◆ Problem ◆
A faithful, complete transcript of the entries below, without pictures, should be returned.

(Excerpts from a dataset)
╔══
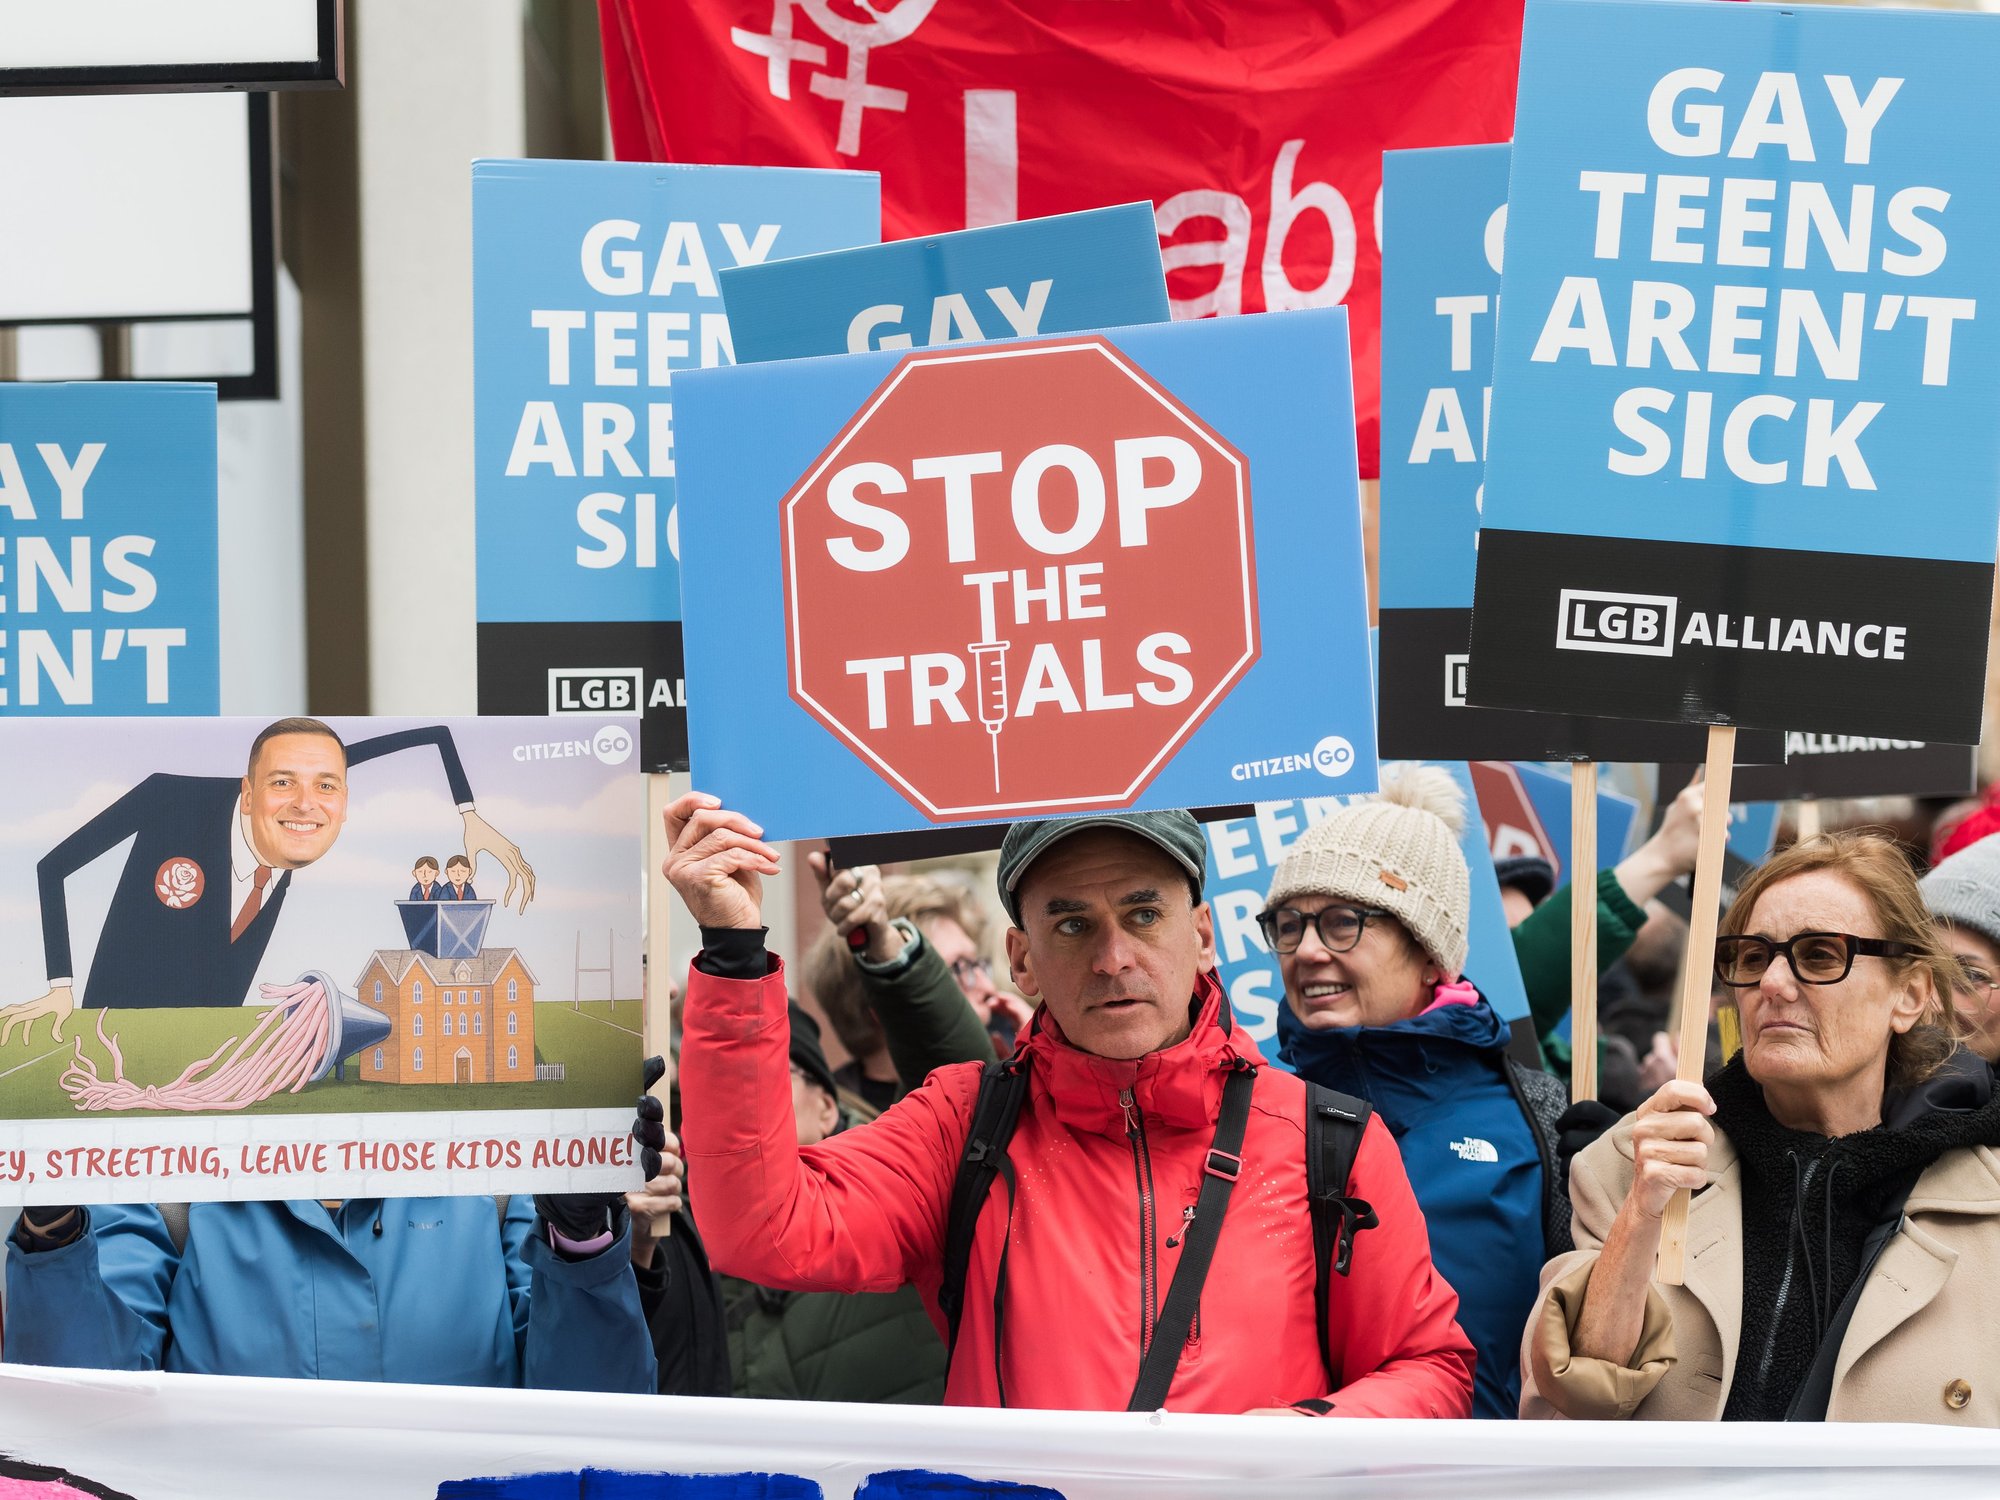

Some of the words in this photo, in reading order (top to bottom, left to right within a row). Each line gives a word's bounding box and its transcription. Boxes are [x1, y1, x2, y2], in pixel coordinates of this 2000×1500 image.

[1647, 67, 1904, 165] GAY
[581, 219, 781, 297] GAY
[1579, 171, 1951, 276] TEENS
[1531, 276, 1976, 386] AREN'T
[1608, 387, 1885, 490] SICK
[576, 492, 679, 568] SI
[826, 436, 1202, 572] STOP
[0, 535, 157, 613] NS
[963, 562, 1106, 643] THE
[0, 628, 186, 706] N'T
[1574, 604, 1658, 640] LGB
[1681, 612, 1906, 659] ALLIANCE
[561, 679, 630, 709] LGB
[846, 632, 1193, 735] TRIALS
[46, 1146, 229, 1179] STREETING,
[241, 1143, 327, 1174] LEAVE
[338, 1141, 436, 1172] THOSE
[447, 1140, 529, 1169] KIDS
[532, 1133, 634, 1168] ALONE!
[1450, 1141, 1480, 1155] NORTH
╚══
◆ Solution to this problem ◆
Some of the words in this photo, in reading order (top to bottom, left to right within a row). Each line gives a word's bounding box and its transcription. Boxes are [x1, y1, x2, y2], in pixel coordinates of this 2000×1500 image.

[1647, 67, 1904, 165] GAY
[581, 219, 781, 297] GAY
[1579, 171, 1951, 276] TEENS
[1531, 276, 1976, 386] AREN'T
[1608, 387, 1885, 490] SICK
[576, 492, 679, 568] SI
[826, 436, 1202, 572] STOP
[0, 535, 157, 613] NS
[963, 562, 1106, 643] THE
[0, 628, 186, 706] N'T
[1574, 604, 1658, 640] LGB
[1681, 612, 1906, 659] ALLIANCE
[561, 679, 630, 709] LGB
[846, 632, 1193, 735] TRIALS
[46, 1146, 229, 1179] STREETING,
[241, 1143, 327, 1174] LEAVE
[338, 1141, 436, 1172] THOSE
[447, 1140, 529, 1169] KIDS
[532, 1133, 634, 1168] ALONE!
[1450, 1141, 1480, 1155] NORTH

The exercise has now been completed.